The method also preferably further comprises providing a viewing port on the enclosure and in communication with the chamber to view the damaged skin. The entire enclosure can also be transparent in which case the viewing port comprises the entire enclosure.
Also provided is an apparatus for facilitating the healing of damaged skin of a patient. The apparatus comprising: an enclosure for isolating the damaged skin and for forming a chamber between a wall of the enclosure and the damaged skin, the enclosure having means for sealing a portion thereof to a portion of skin adjacent to the damaged skin; and means for applying cycles of positive and negative pressure in the chamber to enhance blood flow to outer layers of the damage skin.
The apparatus preferably further comprises: a sensor for detecting a cardiac cycle of the patient; and means for synchronizing the application of the positive and negative pressure in the chamber to the detected cardiac cycle.
Preferably, the means for applying cycles of positive and negative pressure in the chamber comprises means for directing pressurized gas into the chamber to apply the positive pressure and means for withdrawing the gas to apply the negative pressure. Preferably, the gas is sterile air. Preferably, the apparatus further comprises a heater for heating the gas prior to pumping it into the chamber. More preferably, the apparatus further comprises: a heat sensor for detecting the temperature inside the chamber; and a controller for controlling the heater based on the detected temperature.
The apparatus preferably further comprises means for applying a medicine into the chamber. Preferably, the means for applying the medicine into the chamber comprises at least one medicine port formed in the wall of the enclosure for introducing the medicine directly into the chamber. Where the means for applying cycles of positive and negative pressure in the chamber comprises means for pumping a gas into the chamber to apply the positive pressure and means for withdrawing the gas to apply the negative pressure, the means for applying the medicine into the chamber preferably comprises a means for introducing the medicine into tubing used to carry the gas into the chamber.
The apparatus also preferably further comprises an air permeable material for at least partially filling the chamber and/or a flexible material for covering the damaged skin. Preferably, the flexible material further comprises a medicine disposed thereon.
Preferably, the apparatus further comprises one or more viewing ports formed on the wall of on the enclosure and in communication with the chamber to view the damaged skin.
The enclosure of the apparatus preferably has at least two segments formed in the wall and joined by a hinge for forming the enclosure to the shape of the body adjacent to the damaged skin. The hinge is preferably a living hinge. The at least two segments preferably comprise a plurality of segments formed in a first direction, each segment being joined to an adjacent segment by the hinge. More preferably, the at least two segments comprise a plurality of segments formed in both first and second directions, each segment being joined to an adjacent segment by the hinge.
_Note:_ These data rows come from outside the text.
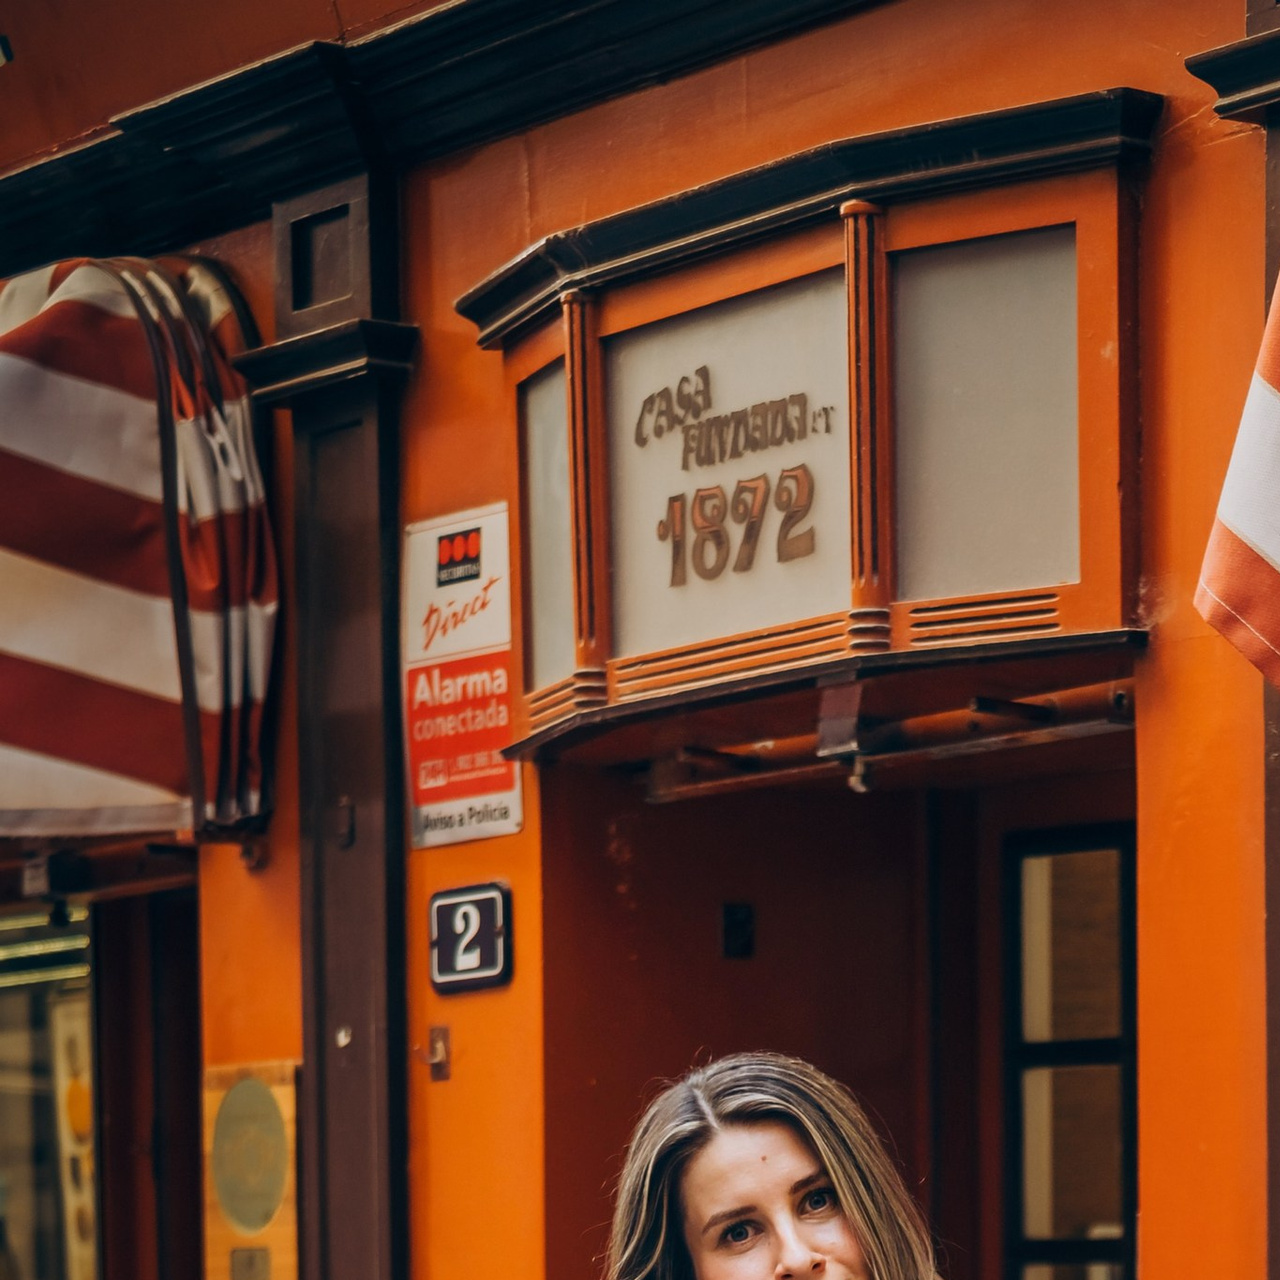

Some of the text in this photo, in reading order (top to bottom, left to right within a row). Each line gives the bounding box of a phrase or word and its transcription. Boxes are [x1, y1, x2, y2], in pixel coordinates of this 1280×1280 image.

[656, 463, 816, 588] 1872
[422, 576, 502, 651] Direct
[413, 667, 509, 710] Alarma
[413, 698, 510, 742] conectada
[454, 903, 481, 972] 2
Still yet provided is an enclosure for covering a body portion. The enclosure comprises: a wall having a portion thereof for providing a seal between the enclosure and the body portion for isolating the body portion in a chamber formed between the body portion and the wall; and at least two segments formed in the wall and joined by a hinge for forming the enclosure to the shape of the body portion. The hinge is preferably a living hinge. The at least two segments preferably comprise a plurality of segments formed in a first direction, each segment being joined to an adjacent segment by the hinge. More preferably, the at least two segments comprise a plurality of segments formed in both first and second directions, each segment being joined to an adjacent segment by the hinge.